If the Council grants unanimous consent, the European Parliament must then also provide its consent. This could be done at its session of 23-26 November. If not, both the Council and the Parliament’s next meetings are in December (10-11 and 14-17, respectively). Previously, both institutions have shown willingness to hold extra sessions to carry out Brexit-related business and this approach may be needed again.
There are potentially additional requirements (PDF, 2MB) in the EU’s ratification process, including:
- Any of the EU27 can request the opinion of the European Court of Justice (CJEU) as to whether the agreement is compatible with the EU’s treaties. If the CJEU finds this is not the case, the agreement must be returned and amended, or face rejection;
- If the agreement contains areas of cooperation that straddle the competence of both the EU and Member States (a so-called ‘mixed agreement’), the consent of the 27 EU Member States’ parliaments can be required in addition to the consent of the EU’s institutions. Past agreements have taken several years to complete this step although some or all of the agreement could be applied provisionally.
The UK must also complete its ratification process before 31 December.

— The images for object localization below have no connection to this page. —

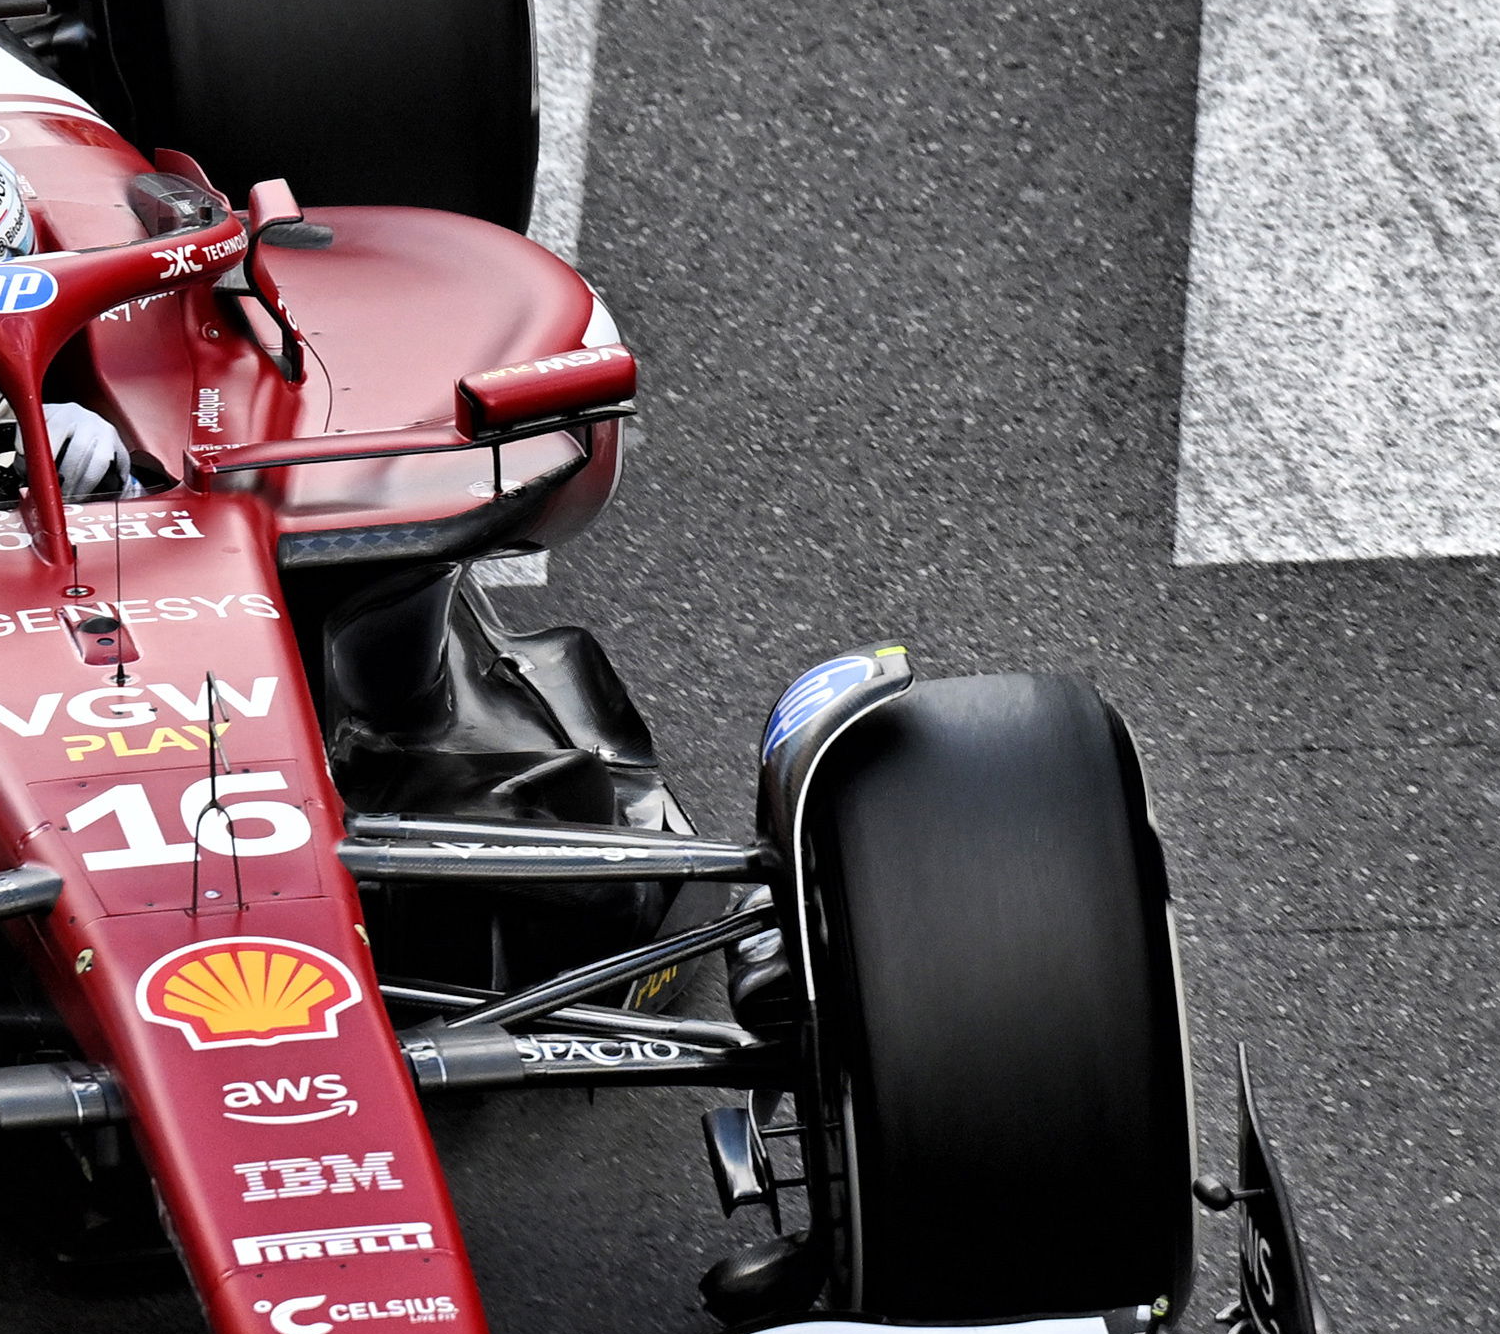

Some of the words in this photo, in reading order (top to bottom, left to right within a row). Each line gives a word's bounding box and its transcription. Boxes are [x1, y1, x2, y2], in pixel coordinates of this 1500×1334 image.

[533, 347, 631, 374] VGW
[191, 387, 226, 428] ambipar
[77, 510, 190, 523] NASTRO
[61, 722, 232, 761] PLAY
[64, 770, 313, 872] 16
[488, 842, 652, 862] vantage
[515, 1039, 681, 1067] SPACIO
[222, 1071, 349, 1108] aws
[232, 1150, 404, 1203] IBM
[231, 1220, 436, 1266] PIRELLI
[328, 1295, 456, 1322] CELSIUS

Most of the UK’s international agreements are brought into domestic law via the Constitutional Reform and Governance Act 2010 (“CRaG”), a process which incorporates them within 21 days if Parliament does not object. There is no formal role for the devolved legislatures in this, although the Senedd’s External Affairs and Additional Legislation Committee has a dedicated process for scrutinising the impact of international agreements on Wales.
A vote in Parliament is not required, as the UK Government’s commitment to obtain its approval was removed from the original version of the EU (Withdrawal Agreement) Act 2020 when it was reintroduced in December 2019. However, primary legislation may still be needed to implement the agreement before the end of the year. As the arrangements are likely to fall within devolved competence, the UK Government may be required to seek the consent of the devolved governments and legislatures this Autumn.

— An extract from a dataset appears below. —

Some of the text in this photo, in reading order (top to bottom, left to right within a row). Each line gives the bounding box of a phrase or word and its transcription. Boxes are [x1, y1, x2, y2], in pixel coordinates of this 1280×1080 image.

Implementing the Withdrawal Agreement
Meanwhile, the implementation of the Withdrawal Agreement continues and various meetings are expected to take place throughout September-November. Implementation of the Withdrawal Agreement is a shared responsibility of the UK and the EU. Oversight is provided by the UK-EU Joint Committee, supported by six specialised committees, whose work began between March-June 2020. The six committees cover Ireland-Northern Ireland, Gibraltar, Citizens’ Rights, the Sovereign Base Areas of the UK in Cyprus, Financial Provisions and other separation provisions.
Failure to implement the Withdrawal Agreement by either side is likely to affect their willingness to agree a future relationship. The EU institutions have previously stated that an agreement on a future relationship is conditional on the UK implementing the Withdrawal Agreement in full.